Most mornings I woke to the smiling or sleeping faces of my niece's. I got to fix breakfast for the family and prepare snacks and activities for the kids. I also washed copious amounts of clothes, cleaned the constantly used kitchen and got very little sleep on account of my youngest niece who loses her pacifier about a dozen times a night and needs me to find it for her. But I don't remember being tired or irritated. In fact, yesterday morning as I left and kissed my niece's heads, I cried...I also cried on the way to the office, thinking about them waking up and having breakfast without me...I cried at my desk wondering what the kiddos were doing at 2:34pm...and I cried when my oldest niece said "Ti Ti!!!" as I walked in the door last night.
But they were good tears, I think. I think my niece's should touch my heart...and my heart should yearn for the gifts the Lord has given and those things He calls good. It should not lament the loss...but I do think I should feel it. If I don't feel the loss of something that was and is good...then what does that say about what God has given? The same thing applies to those suffering loss as a result of Katrina (even if it is just the loss of being able to sleep in one's own bed for a time).
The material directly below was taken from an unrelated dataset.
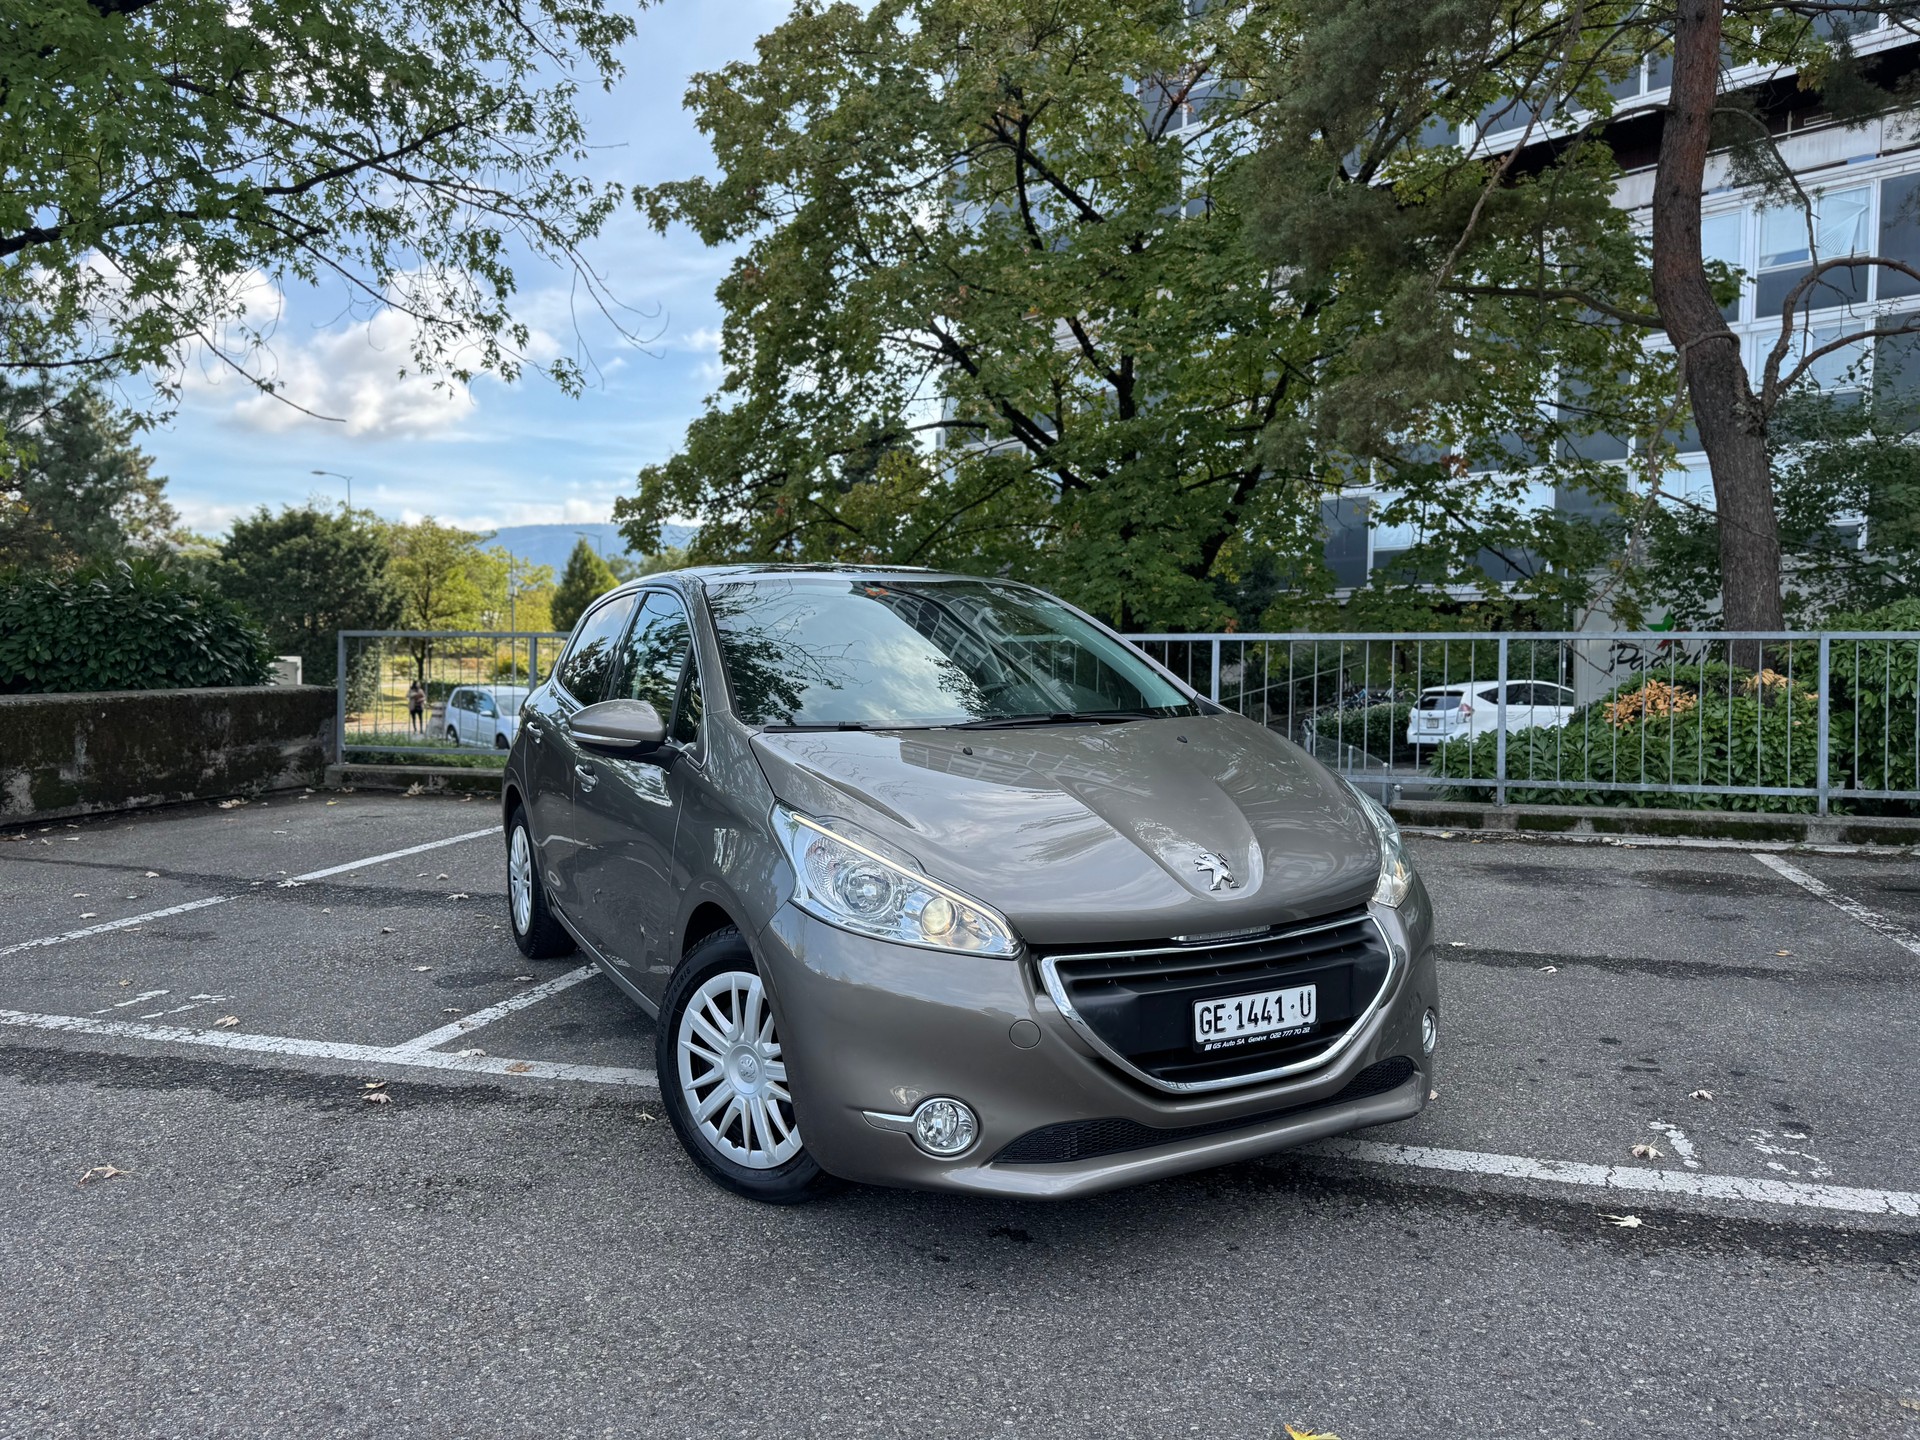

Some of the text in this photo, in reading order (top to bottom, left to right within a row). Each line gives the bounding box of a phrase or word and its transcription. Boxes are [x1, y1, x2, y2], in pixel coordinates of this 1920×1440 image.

[1200, 1003, 1226, 1035] GE
[1235, 995, 1285, 1030] 1441
[1222, 1040, 1236, 1048] Auto
[1236, 1038, 1245, 1046] SA
If there were no response, no emotion there would be something really wrong. We are made to love and feel intense gladness...we are also made to feel the opposite emotions. The sticking point is when pride enters in and tells us we have been deprived of something...that we deserve better than we have...that something has been stolen that is rightfully ours.
That is a lie...it is always a lie.
The bible says that every good and perfect gift comes from the Lord. The logical conclusion, then, is that the loss of good and perfect gifts is also His doing. The bible also says that God is faithful and just and works all things for our good. A thief doesn't rob for the good of the person he is robbing. God is no thief. He does not steal. He can't steal what belongs to Him. That is a point I trip up on a lot. I hold things too tightly and claim ownership when I have no right to. "The earth is the Lord's and the fullness thereof." That includes my home, my job, my bed, my preferences, my church and my family.
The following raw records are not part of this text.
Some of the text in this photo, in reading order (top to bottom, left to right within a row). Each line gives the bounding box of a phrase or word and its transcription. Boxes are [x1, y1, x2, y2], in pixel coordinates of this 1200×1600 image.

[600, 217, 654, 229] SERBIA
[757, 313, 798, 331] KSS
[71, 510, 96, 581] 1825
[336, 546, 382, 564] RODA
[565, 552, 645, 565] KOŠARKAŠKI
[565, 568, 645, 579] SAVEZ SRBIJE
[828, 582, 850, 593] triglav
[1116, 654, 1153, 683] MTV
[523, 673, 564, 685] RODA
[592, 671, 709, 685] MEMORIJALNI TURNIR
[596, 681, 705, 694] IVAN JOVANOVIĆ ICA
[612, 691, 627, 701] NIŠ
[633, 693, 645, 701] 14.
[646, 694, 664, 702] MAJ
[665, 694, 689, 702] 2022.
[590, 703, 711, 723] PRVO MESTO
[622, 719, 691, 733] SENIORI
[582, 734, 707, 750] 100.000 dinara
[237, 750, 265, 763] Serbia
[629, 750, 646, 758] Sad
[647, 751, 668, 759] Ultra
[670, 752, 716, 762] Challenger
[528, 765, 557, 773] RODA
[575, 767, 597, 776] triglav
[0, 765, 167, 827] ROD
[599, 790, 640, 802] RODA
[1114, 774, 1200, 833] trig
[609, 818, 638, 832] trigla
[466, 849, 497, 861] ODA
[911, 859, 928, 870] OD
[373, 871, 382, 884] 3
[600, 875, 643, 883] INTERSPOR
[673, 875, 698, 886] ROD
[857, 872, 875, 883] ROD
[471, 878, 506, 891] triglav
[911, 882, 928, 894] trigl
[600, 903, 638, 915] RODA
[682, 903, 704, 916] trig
Each of these, and so many more, have been touched, rearranged, threatened in some way, or take away somehow. There have been moments of emotion, moments when I am tempted to think too much about what has been lost, the Lord has been very faithful to remind me that one can not lose what one does not possess. The borrower can not consider loss what he returns to the lender.
If this experience has taught me anything it is that nothing is certain, nothing is constant, nothing is guaranteed...nothing, that is, except God. He is, was, always will be. He is faithful and unchanging...always good, always kind, always interceeding for us, always working everything to our good. What His word says about Him was true when it was written, before it was written, and regardless of current events. Because of this, He is all there is to rely on, look to, cherish and cling to.
Lord, help me to keep this in the forefront of my mind...to meditate on this and seek to emulate it always in my thoughts, emotions and response. Help me to say with the psalmist "O my Strength, I will sing praises to you, for you, O God, are my fortress, the God who shows me steadfast love. (Psalm 59:17)"
Sunday, September 11, 2005
In the year King Uzziah died, I saw the Lord. He was sitting on a lofty throne, and the train of his robe filled the Temple. Hovering around him were mighty seraphim, each with six wings. With two wings they covered their faces, with two they covered their feet, and with the remaining two they flew. In a great chorus they sang, "Holy, holy, holy is the LORD Almighty! The whole earth is filled with his glory!" The glorious singing shook the Temple to its foundations, and the entire sanctuary was filled with smoke.(Isaiah 6: 1-4)
2Hovering around him were mighty seraphim, each with six wings. With two wings they covered their faces, with two they covered their feet, and with the remaining two they flew.
This passage really struck me. Their eyes were covered. They couldn’t see where they were going. Their feet were covered. They couldn’t walk on their own. And yet they flew. What that says to me is that they were guided by nothing but the spirit of God. This passage says “in a great chorus they sang, ‘Holy, holy, holy is the LORD Almighty!’” Where? How did they not run into things? Their focus was only on the Lord. I don’t get any indication that this was strange or frightening for them…it just says “they flew”.
Lord, help me to just fly and trust you with everything. Help me to not have to see to not have to go my own way. Help me to sing because I know you know where I am going and that I will get there safely.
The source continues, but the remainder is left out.